▶ _Your objective_
The records below need to be set down again exactly; their images stay out.

▶ _Entries shown_
########
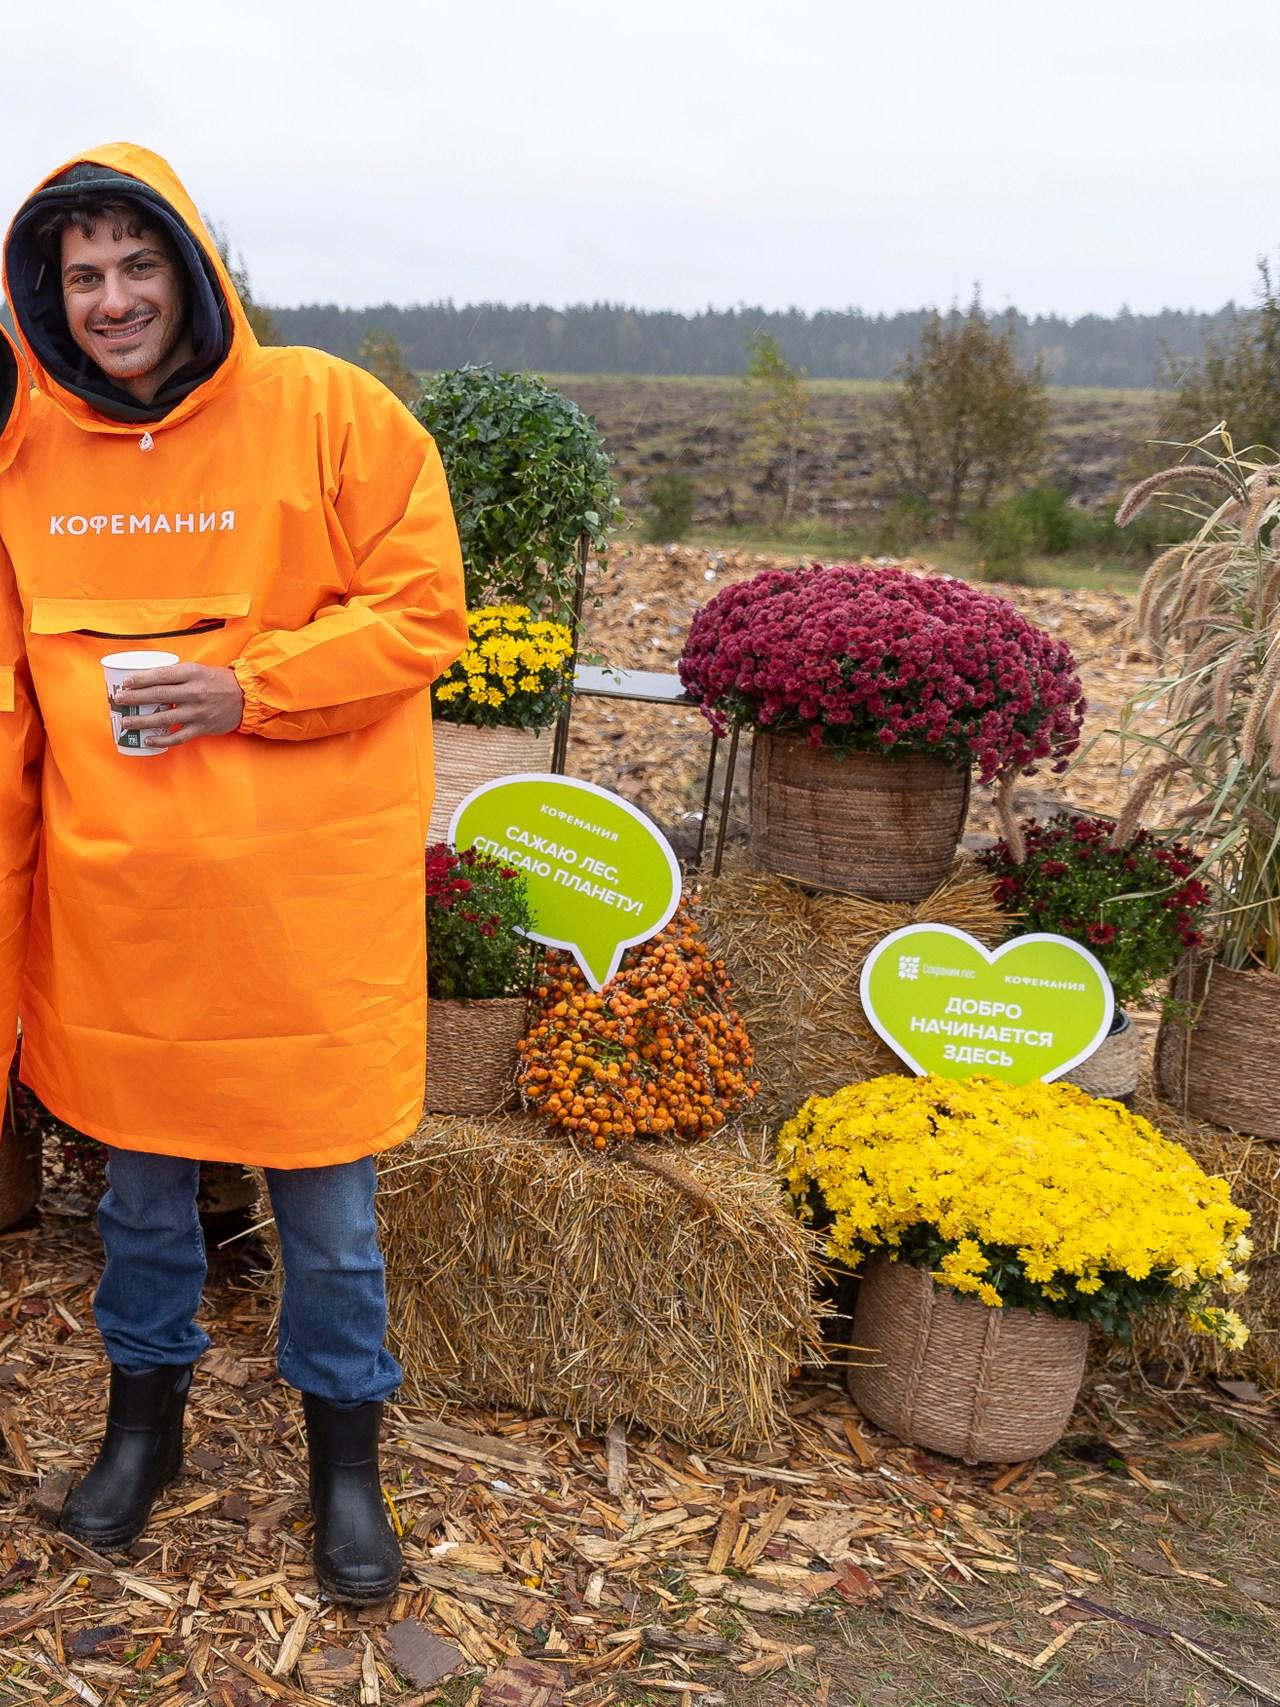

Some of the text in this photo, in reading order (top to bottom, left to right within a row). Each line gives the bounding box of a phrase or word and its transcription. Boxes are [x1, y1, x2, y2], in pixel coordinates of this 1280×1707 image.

[50, 510, 236, 535] КОФЕМАНИЯ
[540, 804, 619, 842] КОФЕМАНИЯ
[505, 826, 620, 885] САЖАЮ ЛЕС,
[473, 836, 644, 917] СПАСАЮ ПЛАНЕТУ!
[1004, 975, 1086, 992] КОФЕМАНИЯ
[945, 997, 1022, 1020] ДОБРО
[910, 1017, 1054, 1047] НАЧИНАЕТСЯ
[943, 1045, 1014, 1067] ЗДЕСЬ
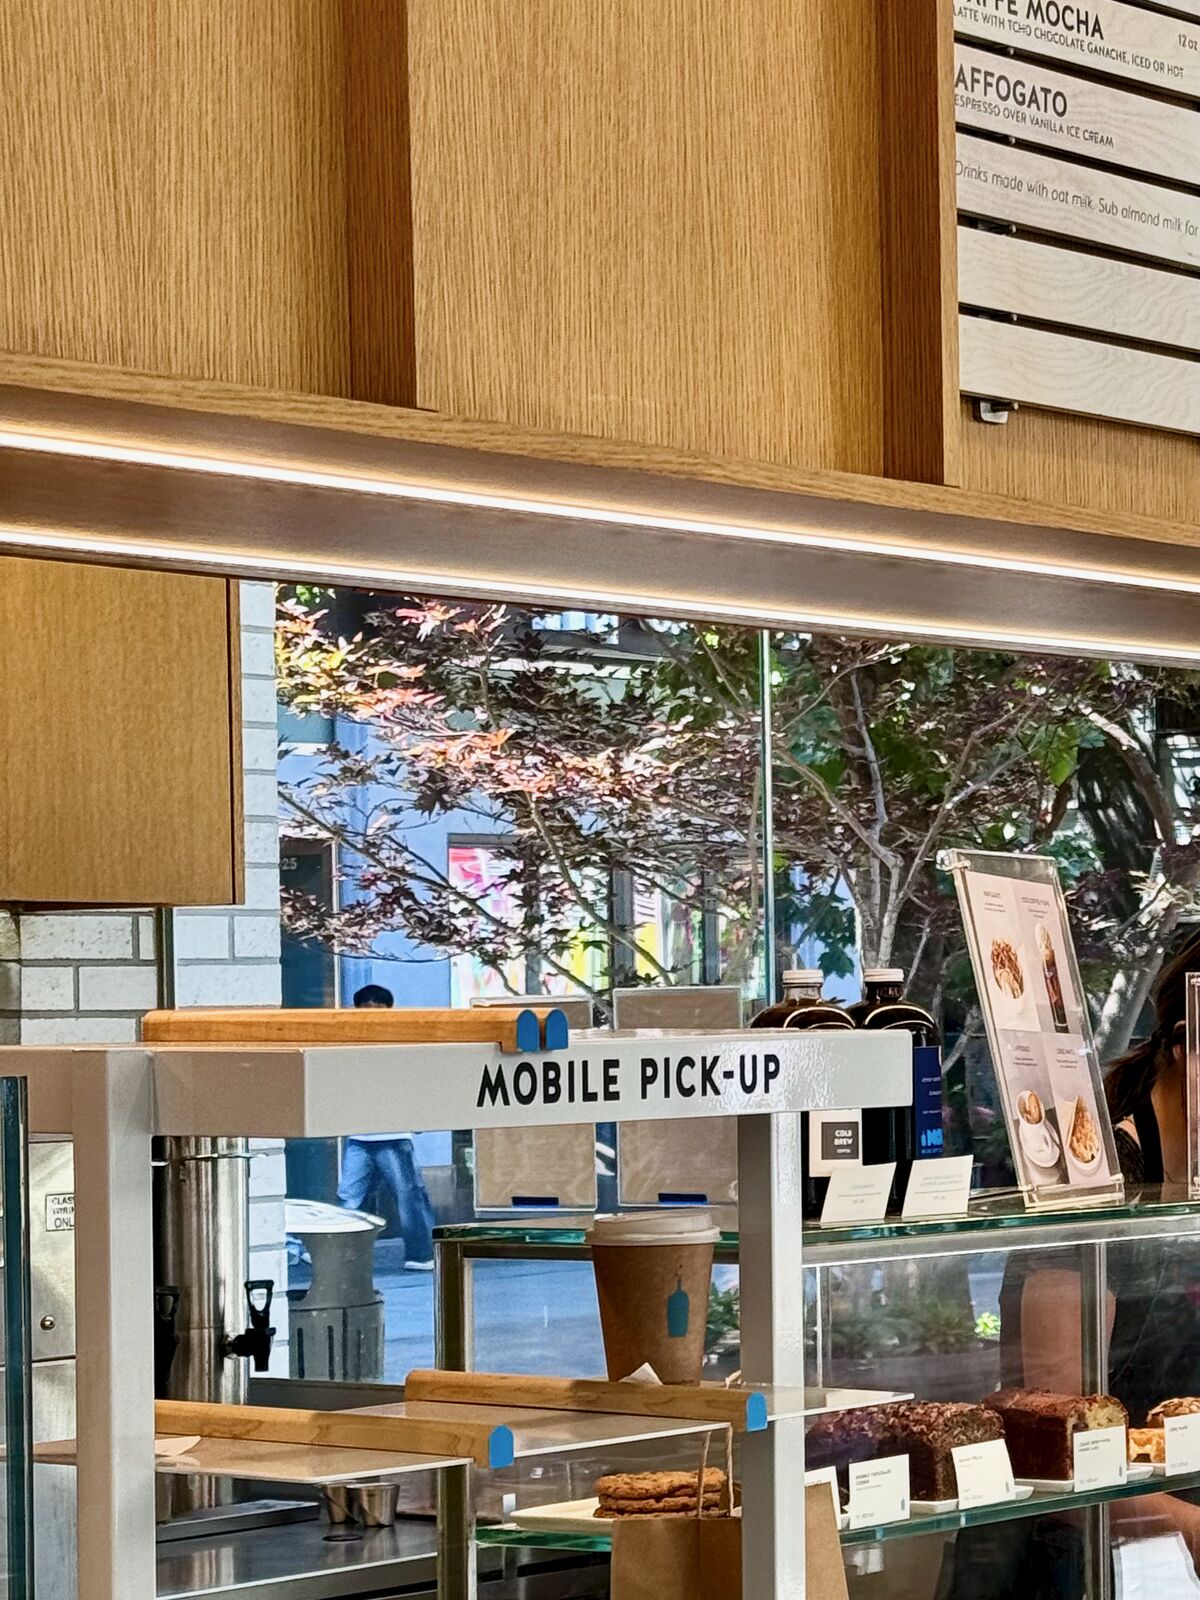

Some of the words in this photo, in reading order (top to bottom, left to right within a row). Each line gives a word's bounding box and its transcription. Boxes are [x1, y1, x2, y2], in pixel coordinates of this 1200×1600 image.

[982, 12, 1005, 30] WITH
[1034, 27, 1085, 52] CHOCOLATE
[1087, 43, 1130, 66] GANACHE,
[1132, 54, 1151, 70] ICED
[1153, 58, 1165, 73] OR
[1026, 0, 1104, 39] MOCHA
[1178, 33, 1187, 47] 12
[1188, 40, 1198, 51] oz
[955, 64, 1068, 118] AFFOGATO
[1003, 108, 1027, 125] OVER
[1029, 114, 1064, 135] VANILLA
[1067, 125, 1080, 140] ICE
[1083, 129, 1114, 148] CREAM
[955, 160, 989, 184] Drinks
[991, 171, 1023, 192] made
[1027, 176, 1048, 199] with
[1051, 187, 1069, 205] oat
[1098, 197, 1118, 217] Sub
[1121, 203, 1159, 227] almond
[1162, 212, 1182, 232] milk
[1184, 216, 1198, 237] for
[476, 1057, 620, 1107] MOBILE
[641, 1053, 780, 1100] PICK-UP
[54, 1217, 75, 1228] ONL
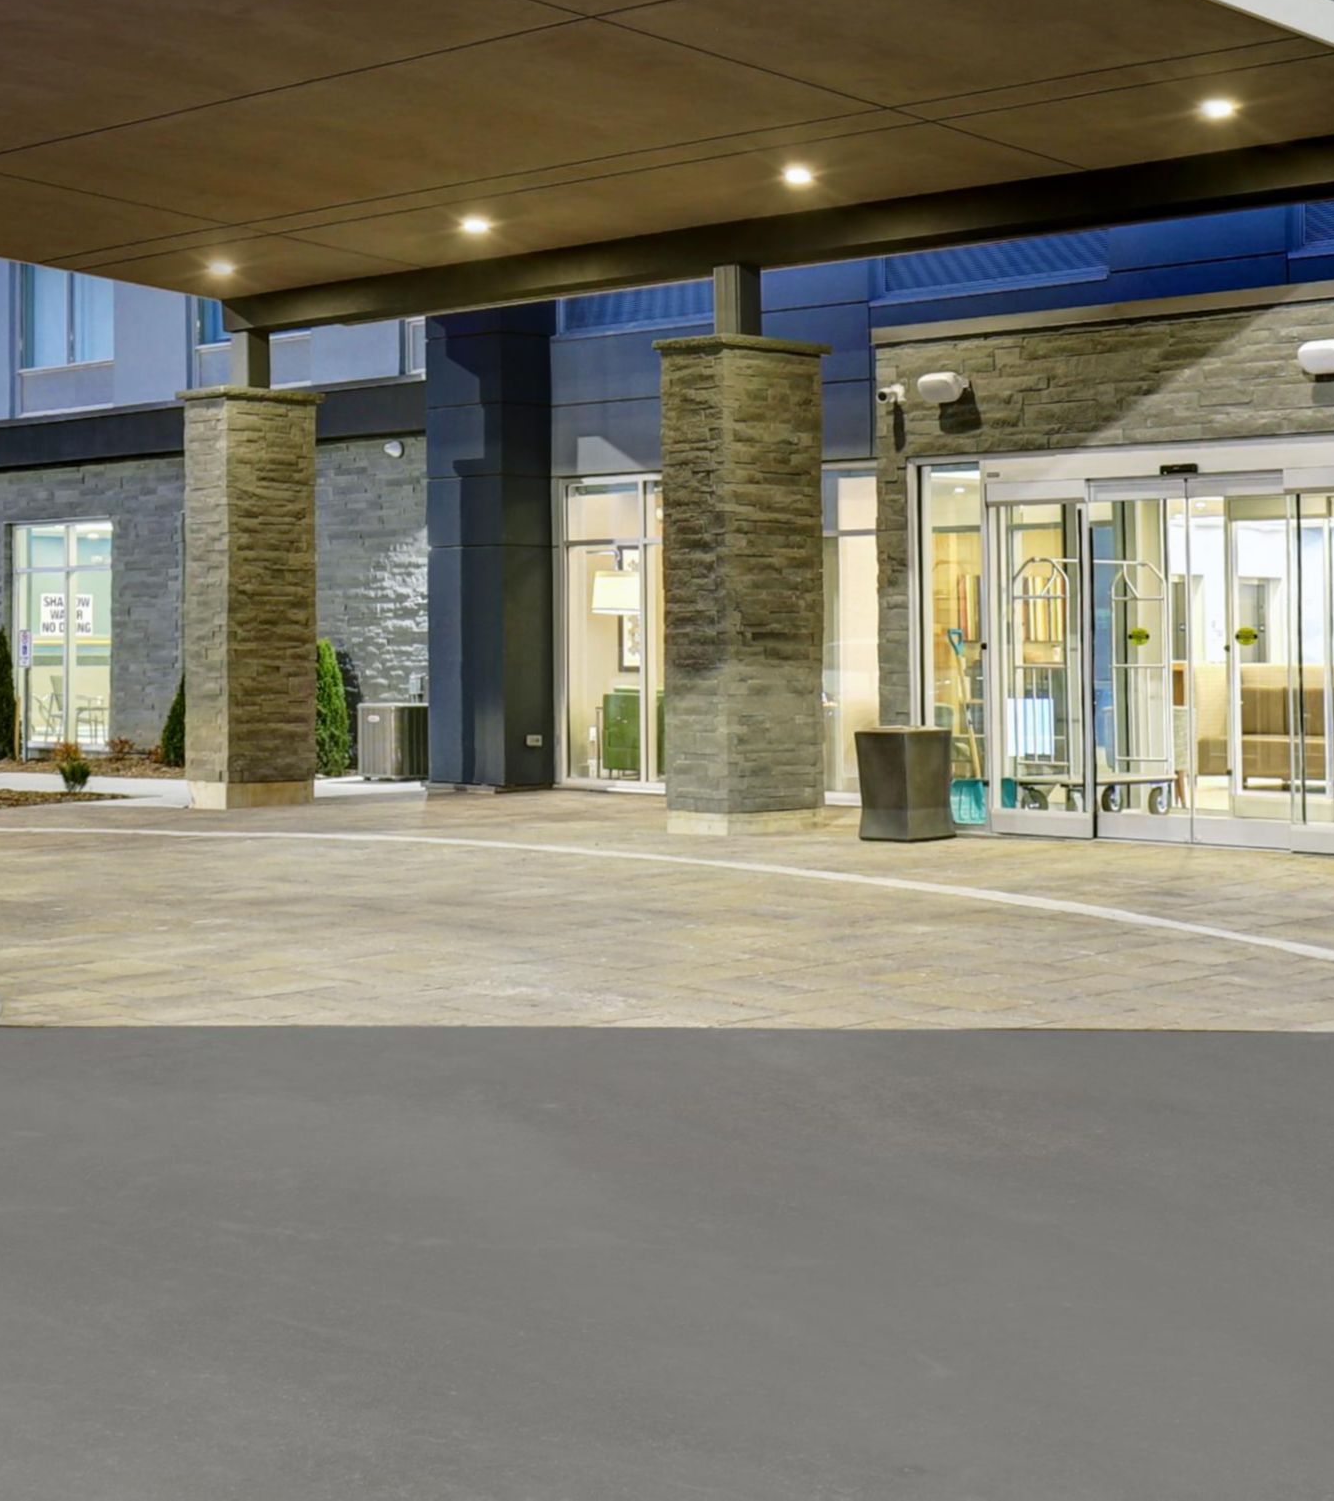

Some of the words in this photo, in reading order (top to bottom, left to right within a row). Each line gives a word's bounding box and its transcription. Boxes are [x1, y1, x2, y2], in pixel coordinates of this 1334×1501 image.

[42, 595, 91, 608] SHAOW
[50, 608, 83, 620] WAR
[42, 621, 56, 633] NO
########
▶ _Your response_
Some of the text in this photo, in reading order (top to bottom, left to right within a row). Each line gives the bounding box of a phrase or word and its transcription. Boxes are [x1, y1, x2, y2], in pixel coordinates of this 1280×1707 image.

[50, 510, 236, 535] КОФЕМАНИЯ
[540, 804, 619, 842] КОФЕМАНИЯ
[505, 826, 620, 885] САЖАЮ ЛЕС,
[473, 836, 644, 917] СПАСАЮ ПЛАНЕТУ!
[1004, 975, 1086, 992] КОФЕМАНИЯ
[945, 997, 1022, 1020] ДОБРО
[910, 1017, 1054, 1047] НАЧИНАЕТСЯ
[943, 1045, 1014, 1067] ЗДЕСЬ

Some of the words in this photo, in reading order (top to bottom, left to right within a row). Each line gives a word's bounding box and its transcription. Boxes are [x1, y1, x2, y2], in pixel coordinates of this 1200×1600 image.

[982, 12, 1005, 30] WITH
[1034, 27, 1085, 52] CHOCOLATE
[1087, 43, 1130, 66] GANACHE,
[1132, 54, 1151, 70] ICED
[1153, 58, 1165, 73] OR
[1026, 0, 1104, 39] MOCHA
[1178, 33, 1187, 47] 12
[1188, 40, 1198, 51] oz
[955, 64, 1068, 118] AFFOGATO
[1003, 108, 1027, 125] OVER
[1029, 114, 1064, 135] VANILLA
[1067, 125, 1080, 140] ICE
[1083, 129, 1114, 148] CREAM
[955, 160, 989, 184] Drinks
[991, 171, 1023, 192] made
[1027, 176, 1048, 199] with
[1051, 187, 1069, 205] oat
[1098, 197, 1118, 217] Sub
[1121, 203, 1159, 227] almond
[1162, 212, 1182, 232] milk
[1184, 216, 1198, 237] for
[476, 1057, 620, 1107] MOBILE
[641, 1053, 780, 1100] PICK-UP
[54, 1217, 75, 1228] ONL

Some of the words in this photo, in reading order (top to bottom, left to right within a row). Each line gives a word's bounding box and its transcription. Boxes are [x1, y1, x2, y2], in pixel coordinates of this 1334×1501 image.

[42, 595, 91, 608] SHAOW
[50, 608, 83, 620] WAR
[42, 621, 56, 633] NO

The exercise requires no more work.